**REQUIRED ACTION**
Give a verbatim copy of the lines below, minus the pictures.

Top of DATASET CONTENT

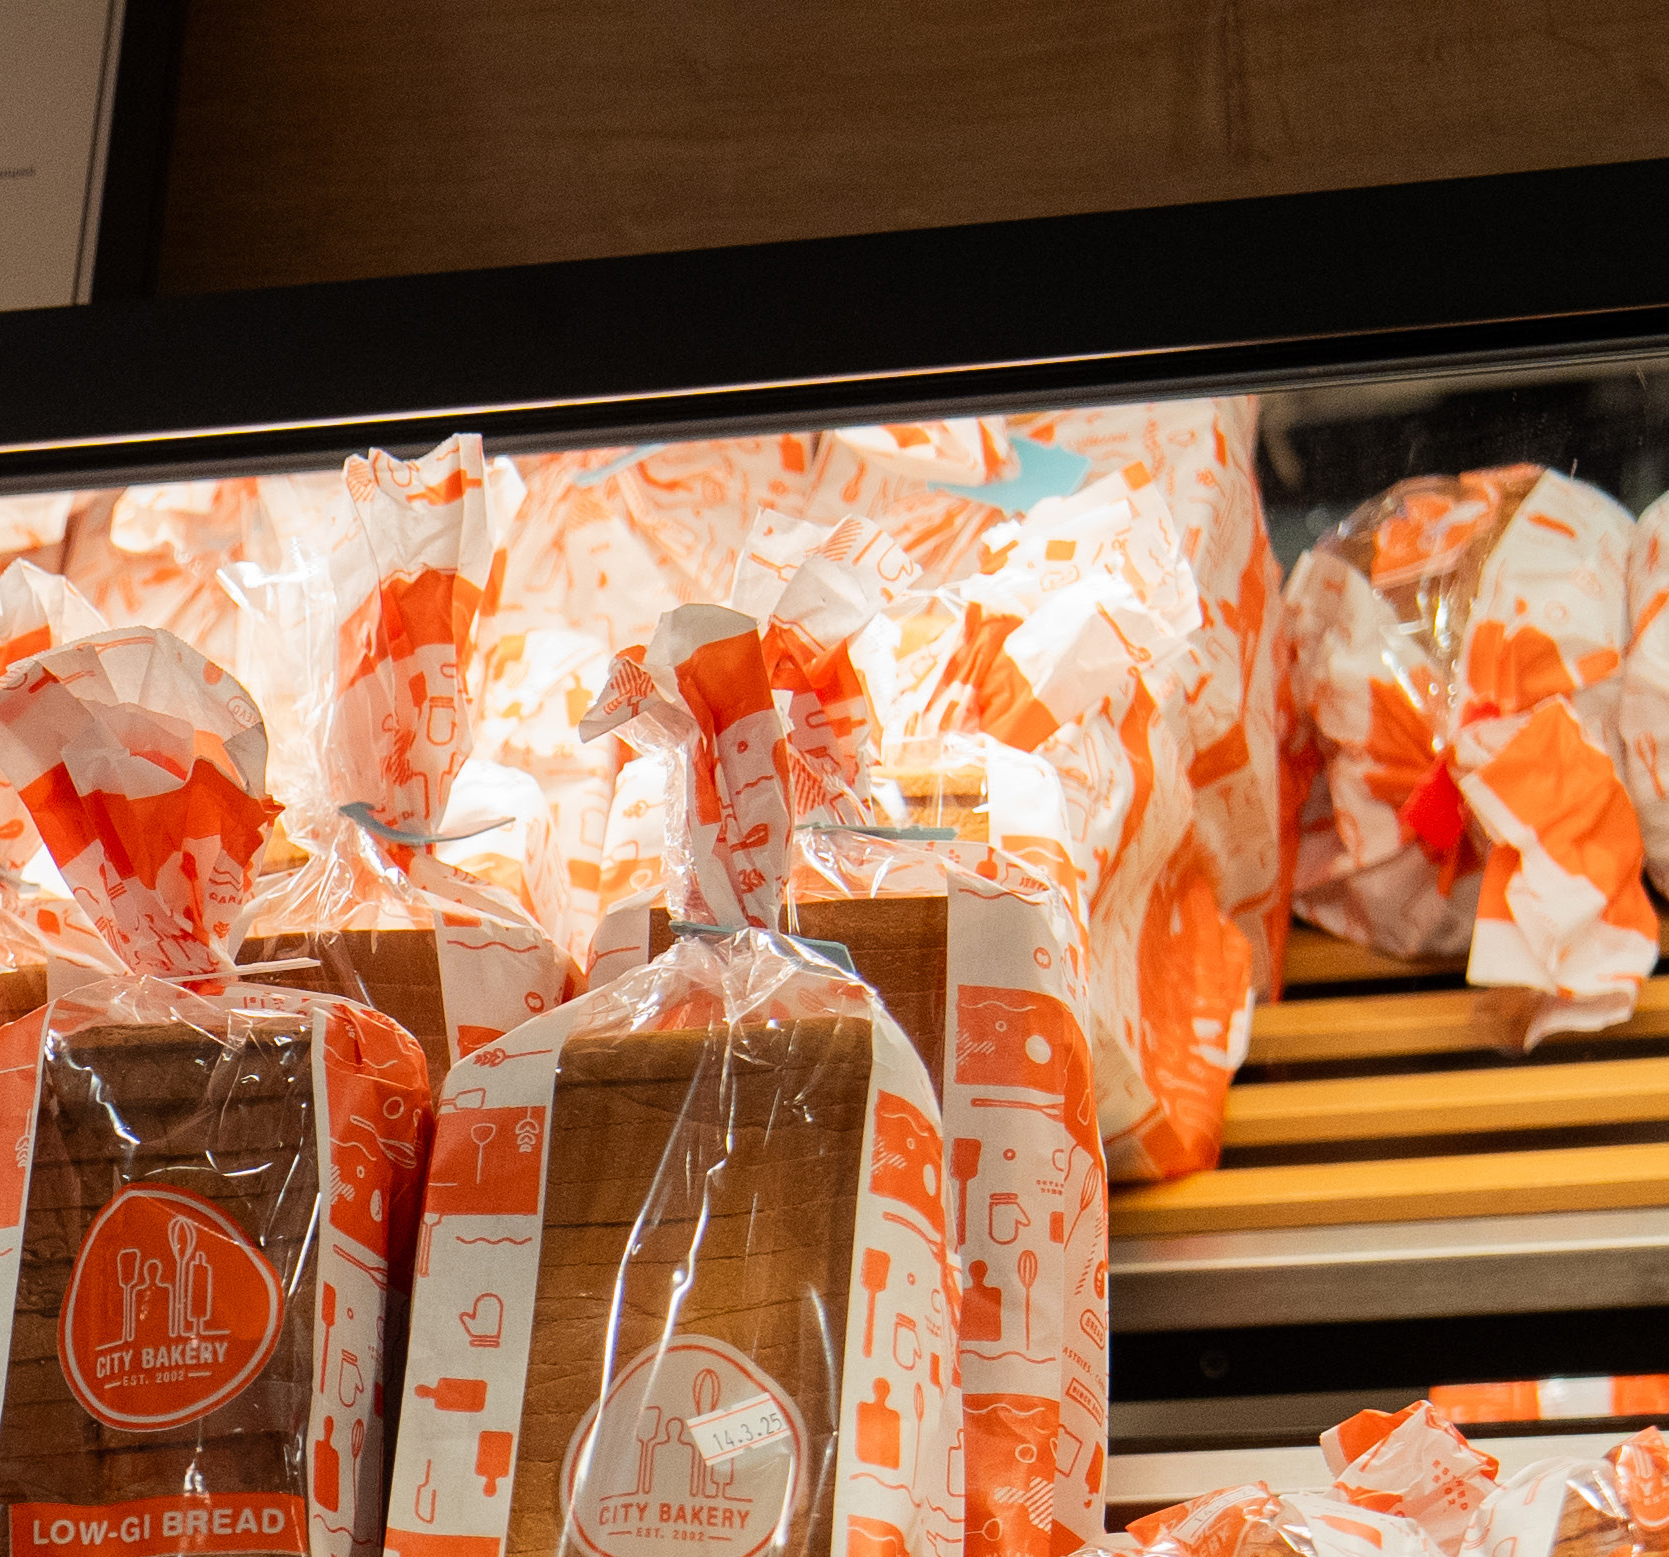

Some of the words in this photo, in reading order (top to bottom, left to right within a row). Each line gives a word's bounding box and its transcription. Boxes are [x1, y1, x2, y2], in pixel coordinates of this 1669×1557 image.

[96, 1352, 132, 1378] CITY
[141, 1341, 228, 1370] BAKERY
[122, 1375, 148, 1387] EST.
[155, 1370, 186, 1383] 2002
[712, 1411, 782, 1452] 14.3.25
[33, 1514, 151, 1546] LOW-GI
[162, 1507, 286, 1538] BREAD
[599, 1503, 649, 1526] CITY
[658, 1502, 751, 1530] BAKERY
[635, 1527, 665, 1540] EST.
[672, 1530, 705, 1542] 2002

Bottom of DATASET CONTENT

**FINAL ANSWER**
Some of the words in this photo, in reading order (top to bottom, left to right within a row). Each line gives a word's bounding box and its transcription. Boxes are [x1, y1, x2, y2], in pixel coordinates of this 1669×1557 image.

[96, 1352, 132, 1378] CITY
[141, 1341, 228, 1370] BAKERY
[122, 1375, 148, 1387] EST.
[155, 1370, 186, 1383] 2002
[712, 1411, 782, 1452] 14.3.25
[33, 1514, 151, 1546] LOW-GI
[162, 1507, 286, 1538] BREAD
[599, 1503, 649, 1526] CITY
[658, 1502, 751, 1530] BAKERY
[635, 1527, 665, 1540] EST.
[672, 1530, 705, 1542] 2002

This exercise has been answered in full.